There's a moment every burned-out landlord remembers: standing in an empty Lewisville rental at 8 p.m., looking at carpet that needs replacing again, doing math on a notepad. This article is that notepad, done properly.
"It rents for eighteen hundred and the payment's eleven — I clear seven hundred a month." That's the cocktail-party version. The honest ledger charges the rental for everything: vacancy between tenants (even one month a year is 8% of gross), repairs and maintenance (the 2 a.m. water heater fund — on an older house, budget 10% of rent), make-ready and leasing costs each turnover (paint, floors, and a leasing fee can eat two months of "profit" in one bite), taxes and insurance creeping up annually, and management — either the 8–10% you pay a company or the truth that you've been doing a part-time job for free.
Run those lines on a typical aging single-family rental and the seven hundred a month collapses to two or three — sometimes less. On a paid-off house the cash flow looks better, but then the real question changes: is this the best thing two or three hundred thousand dollars of your equity could be doing?

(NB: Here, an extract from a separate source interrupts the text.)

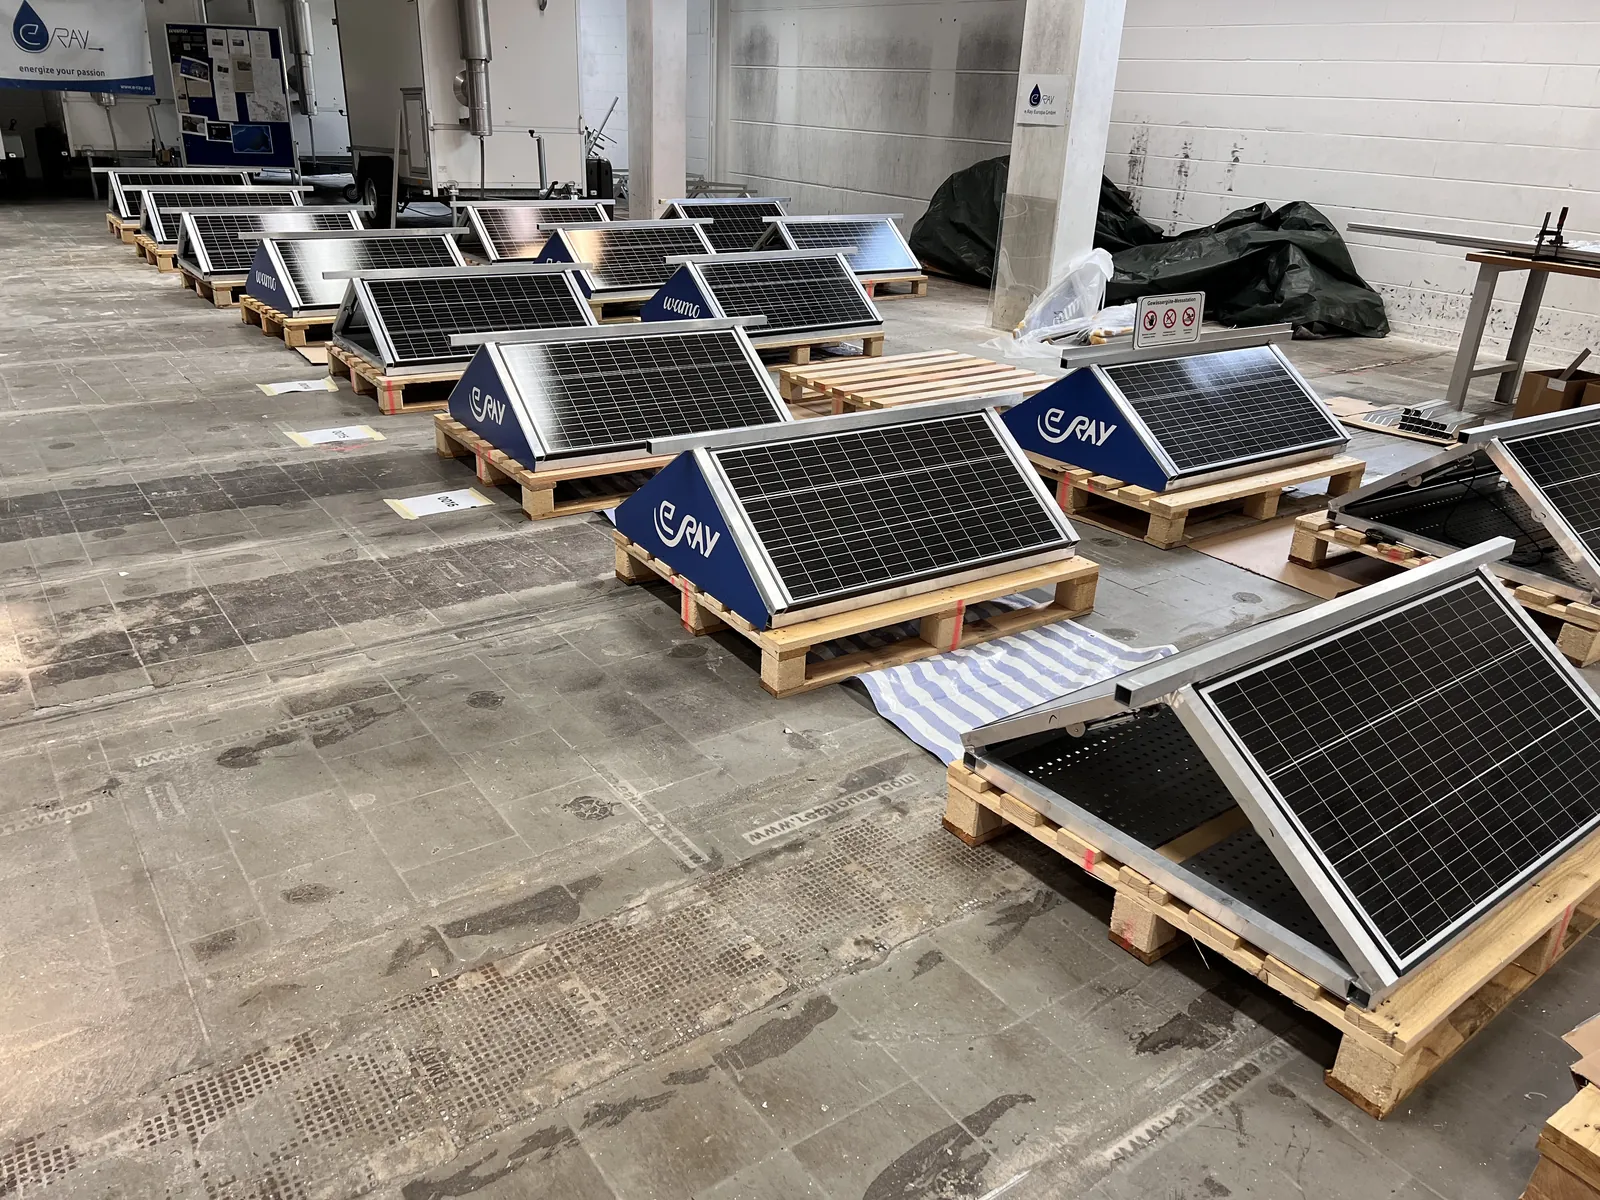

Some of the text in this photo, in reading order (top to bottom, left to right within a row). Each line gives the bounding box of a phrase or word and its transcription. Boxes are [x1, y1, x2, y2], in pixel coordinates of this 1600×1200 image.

Divide your true annual cash flow by what you'd walk away with if you sold today. If the rental nets four thousand a year against two hundred thousand of trapped equity, you're earning 2% for the privilege of being on call — before appreciation, which you can get from assets that never call you. Appreciation and the mortgage paydown are real; count them. But count them next to the weekends, too.
You've got the standard menu — wait out the lease and list, or sell with the tenant in place, which we covered in selling a rental with tenants. And one more consideration your CPA should weigh in on: years of depreciation get recaptured at sale, and if you're rolling into another investment, a 1031 exchange may defer the whole tax question. Do the math with someone licensed before you sign anything. Sometimes the answer really is "keep it" — but make it a decision, not a default.
Tenant in place or vacant, get a written number and do the math with real figures.
This article is general information for Texas property owners, not legal, tax, or investment advice. Depreciation recapture and 1031 exchanges have strict rules — talk to your CPA before selling a rental. Figures are illustrative.